• **Listed entries**
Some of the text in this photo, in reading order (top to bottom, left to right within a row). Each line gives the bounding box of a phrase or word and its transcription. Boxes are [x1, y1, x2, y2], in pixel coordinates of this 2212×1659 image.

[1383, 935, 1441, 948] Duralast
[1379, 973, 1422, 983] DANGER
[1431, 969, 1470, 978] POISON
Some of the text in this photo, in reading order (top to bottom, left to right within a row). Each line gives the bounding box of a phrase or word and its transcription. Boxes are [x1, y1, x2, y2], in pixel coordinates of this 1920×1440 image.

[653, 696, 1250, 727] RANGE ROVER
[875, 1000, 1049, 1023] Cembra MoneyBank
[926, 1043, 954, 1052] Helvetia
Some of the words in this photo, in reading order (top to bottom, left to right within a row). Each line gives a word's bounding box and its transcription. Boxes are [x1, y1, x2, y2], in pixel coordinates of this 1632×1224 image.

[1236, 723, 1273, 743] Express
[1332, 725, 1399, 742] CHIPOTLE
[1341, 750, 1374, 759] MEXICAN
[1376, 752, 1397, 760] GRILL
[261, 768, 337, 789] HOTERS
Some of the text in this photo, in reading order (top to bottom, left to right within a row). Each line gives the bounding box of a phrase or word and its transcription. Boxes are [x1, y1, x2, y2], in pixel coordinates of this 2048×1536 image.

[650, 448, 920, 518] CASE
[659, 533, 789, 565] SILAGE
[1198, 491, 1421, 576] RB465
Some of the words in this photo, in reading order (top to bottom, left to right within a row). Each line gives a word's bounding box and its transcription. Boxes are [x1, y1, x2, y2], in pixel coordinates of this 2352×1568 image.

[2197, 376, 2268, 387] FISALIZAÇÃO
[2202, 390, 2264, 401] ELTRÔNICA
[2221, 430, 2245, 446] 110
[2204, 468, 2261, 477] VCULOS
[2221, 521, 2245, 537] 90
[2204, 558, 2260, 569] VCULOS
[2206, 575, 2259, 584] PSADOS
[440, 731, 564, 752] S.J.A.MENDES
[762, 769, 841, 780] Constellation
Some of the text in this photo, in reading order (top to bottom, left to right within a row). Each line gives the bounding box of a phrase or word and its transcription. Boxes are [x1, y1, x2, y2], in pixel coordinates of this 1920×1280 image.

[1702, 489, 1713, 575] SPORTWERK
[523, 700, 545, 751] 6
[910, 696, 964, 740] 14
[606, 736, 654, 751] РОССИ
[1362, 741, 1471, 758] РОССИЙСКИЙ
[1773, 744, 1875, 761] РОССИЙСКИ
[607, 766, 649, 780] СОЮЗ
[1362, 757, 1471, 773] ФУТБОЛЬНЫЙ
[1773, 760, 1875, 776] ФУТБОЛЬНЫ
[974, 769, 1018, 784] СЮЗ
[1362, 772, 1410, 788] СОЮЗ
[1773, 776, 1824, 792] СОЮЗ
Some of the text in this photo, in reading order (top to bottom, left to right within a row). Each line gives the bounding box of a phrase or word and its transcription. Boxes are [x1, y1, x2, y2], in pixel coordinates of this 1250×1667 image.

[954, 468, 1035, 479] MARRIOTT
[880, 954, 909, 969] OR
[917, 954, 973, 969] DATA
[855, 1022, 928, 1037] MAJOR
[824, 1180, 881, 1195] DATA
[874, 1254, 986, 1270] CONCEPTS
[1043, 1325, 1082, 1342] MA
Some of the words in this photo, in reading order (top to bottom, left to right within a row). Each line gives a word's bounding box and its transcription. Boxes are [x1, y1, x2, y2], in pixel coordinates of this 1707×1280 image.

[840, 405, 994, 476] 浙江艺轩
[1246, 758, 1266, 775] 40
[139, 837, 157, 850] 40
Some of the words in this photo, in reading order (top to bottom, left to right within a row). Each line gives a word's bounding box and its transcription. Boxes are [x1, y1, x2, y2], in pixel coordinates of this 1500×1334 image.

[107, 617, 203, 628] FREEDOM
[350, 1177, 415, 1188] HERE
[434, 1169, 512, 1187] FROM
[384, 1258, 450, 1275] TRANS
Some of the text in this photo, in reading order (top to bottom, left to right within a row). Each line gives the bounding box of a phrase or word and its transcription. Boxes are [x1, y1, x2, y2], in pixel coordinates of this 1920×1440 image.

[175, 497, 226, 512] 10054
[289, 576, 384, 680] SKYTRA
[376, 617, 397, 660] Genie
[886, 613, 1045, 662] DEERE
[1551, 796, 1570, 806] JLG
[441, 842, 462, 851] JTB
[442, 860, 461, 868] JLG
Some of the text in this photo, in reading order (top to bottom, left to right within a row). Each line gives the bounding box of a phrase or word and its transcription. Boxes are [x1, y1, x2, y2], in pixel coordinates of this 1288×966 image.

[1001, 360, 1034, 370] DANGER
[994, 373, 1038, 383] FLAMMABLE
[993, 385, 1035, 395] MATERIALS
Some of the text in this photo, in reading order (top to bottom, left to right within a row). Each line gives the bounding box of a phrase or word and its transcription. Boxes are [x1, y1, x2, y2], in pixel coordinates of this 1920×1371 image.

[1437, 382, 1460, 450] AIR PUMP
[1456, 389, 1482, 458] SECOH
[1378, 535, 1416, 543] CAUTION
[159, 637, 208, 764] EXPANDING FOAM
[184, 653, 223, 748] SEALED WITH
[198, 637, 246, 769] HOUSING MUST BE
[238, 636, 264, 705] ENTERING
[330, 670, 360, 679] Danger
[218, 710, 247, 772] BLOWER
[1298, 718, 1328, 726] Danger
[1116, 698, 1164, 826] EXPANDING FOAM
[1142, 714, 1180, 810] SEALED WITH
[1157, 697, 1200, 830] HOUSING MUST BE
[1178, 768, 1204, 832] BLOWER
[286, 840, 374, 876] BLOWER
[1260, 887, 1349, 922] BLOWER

• **What is needed**
Transcribe each line of the material without any alteration.

• **Result for this task**
Some of the text in this photo, in reading order (top to bottom, left to right within a row). Each line gives the bounding box of a phrase or word and its transcription. Boxes are [x1, y1, x2, y2], in pixel coordinates of this 2212×1659 image.

[1383, 935, 1441, 948] Duralast
[1379, 973, 1422, 983] DANGER
[1431, 969, 1470, 978] POISON
Some of the text in this photo, in reading order (top to bottom, left to right within a row). Each line gives the bounding box of a phrase or word and its transcription. Boxes are [x1, y1, x2, y2], in pixel coordinates of this 1920×1440 image.

[653, 696, 1250, 727] RANGE ROVER
[875, 1000, 1049, 1023] Cembra MoneyBank
[926, 1043, 954, 1052] Helvetia
Some of the words in this photo, in reading order (top to bottom, left to right within a row). Each line gives a word's bounding box and its transcription. Boxes are [x1, y1, x2, y2], in pixel coordinates of this 1632×1224 image.

[1236, 723, 1273, 743] Express
[1332, 725, 1399, 742] CHIPOTLE
[1341, 750, 1374, 759] MEXICAN
[1376, 752, 1397, 760] GRILL
[261, 768, 337, 789] HOTERS
Some of the text in this photo, in reading order (top to bottom, left to right within a row). Each line gives the bounding box of a phrase or word and its transcription. Boxes are [x1, y1, x2, y2], in pixel coordinates of this 2048×1536 image.

[650, 448, 920, 518] CASE
[659, 533, 789, 565] SILAGE
[1198, 491, 1421, 576] RB465
Some of the words in this photo, in reading order (top to bottom, left to right within a row). Each line gives a word's bounding box and its transcription. Boxes are [x1, y1, x2, y2], in pixel coordinates of this 2352×1568 image.

[2197, 376, 2268, 387] FISALIZAÇÃO
[2202, 390, 2264, 401] ELTRÔNICA
[2221, 430, 2245, 446] 110
[2204, 468, 2261, 477] VCULOS
[2221, 521, 2245, 537] 90
[2204, 558, 2260, 569] VCULOS
[2206, 575, 2259, 584] PSADOS
[440, 731, 564, 752] S.J.A.MENDES
[762, 769, 841, 780] Constellation
Some of the text in this photo, in reading order (top to bottom, left to right within a row). Each line gives the bounding box of a phrase or word and its transcription. Boxes are [x1, y1, x2, y2], in pixel coordinates of this 1920×1280 image.

[1702, 489, 1713, 575] SPORTWERK
[523, 700, 545, 751] 6
[910, 696, 964, 740] 14
[606, 736, 654, 751] РОССИ
[1362, 741, 1471, 758] РОССИЙСКИЙ
[1773, 744, 1875, 761] РОССИЙСКИ
[607, 766, 649, 780] СОЮЗ
[1362, 757, 1471, 773] ФУТБОЛЬНЫЙ
[1773, 760, 1875, 776] ФУТБОЛЬНЫ
[974, 769, 1018, 784] СЮЗ
[1362, 772, 1410, 788] СОЮЗ
[1773, 776, 1824, 792] СОЮЗ
Some of the text in this photo, in reading order (top to bottom, left to right within a row). Each line gives the bounding box of a phrase or word and its transcription. Boxes are [x1, y1, x2, y2], in pixel coordinates of this 1250×1667 image.

[954, 468, 1035, 479] MARRIOTT
[880, 954, 909, 969] OR
[917, 954, 973, 969] DATA
[855, 1022, 928, 1037] MAJOR
[824, 1180, 881, 1195] DATA
[874, 1254, 986, 1270] CONCEPTS
[1043, 1325, 1082, 1342] MA
Some of the words in this photo, in reading order (top to bottom, left to right within a row). Each line gives a word's bounding box and its transcription. Boxes are [x1, y1, x2, y2], in pixel coordinates of this 1707×1280 image.

[840, 405, 994, 476] 浙江艺轩
[1246, 758, 1266, 775] 40
[139, 837, 157, 850] 40
Some of the words in this photo, in reading order (top to bottom, left to right within a row). Each line gives a word's bounding box and its transcription. Boxes are [x1, y1, x2, y2], in pixel coordinates of this 1500×1334 image.

[107, 617, 203, 628] FREEDOM
[350, 1177, 415, 1188] HERE
[434, 1169, 512, 1187] FROM
[384, 1258, 450, 1275] TRANS
Some of the text in this photo, in reading order (top to bottom, left to right within a row). Each line gives the bounding box of a phrase or word and its transcription. Boxes are [x1, y1, x2, y2], in pixel coordinates of this 1920×1440 image.

[175, 497, 226, 512] 10054
[289, 576, 384, 680] SKYTRA
[376, 617, 397, 660] Genie
[886, 613, 1045, 662] DEERE
[1551, 796, 1570, 806] JLG
[441, 842, 462, 851] JTB
[442, 860, 461, 868] JLG
Some of the text in this photo, in reading order (top to bottom, left to right within a row). Each line gives the bounding box of a phrase or word and its transcription. Boxes are [x1, y1, x2, y2], in pixel coordinates of this 1288×966 image.

[1001, 360, 1034, 370] DANGER
[994, 373, 1038, 383] FLAMMABLE
[993, 385, 1035, 395] MATERIALS
Some of the text in this photo, in reading order (top to bottom, left to right within a row). Each line gives the bounding box of a phrase or word and its transcription. Boxes are [x1, y1, x2, y2], in pixel coordinates of this 1920×1371 image.

[1437, 382, 1460, 450] AIR PUMP
[1456, 389, 1482, 458] SECOH
[1378, 535, 1416, 543] CAUTION
[159, 637, 208, 764] EXPANDING FOAM
[184, 653, 223, 748] SEALED WITH
[198, 637, 246, 769] HOUSING MUST BE
[238, 636, 264, 705] ENTERING
[330, 670, 360, 679] Danger
[218, 710, 247, 772] BLOWER
[1298, 718, 1328, 726] Danger
[1116, 698, 1164, 826] EXPANDING FOAM
[1142, 714, 1180, 810] SEALED WITH
[1157, 697, 1200, 830] HOUSING MUST BE
[1178, 768, 1204, 832] BLOWER
[286, 840, 374, 876] BLOWER
[1260, 887, 1349, 922] BLOWER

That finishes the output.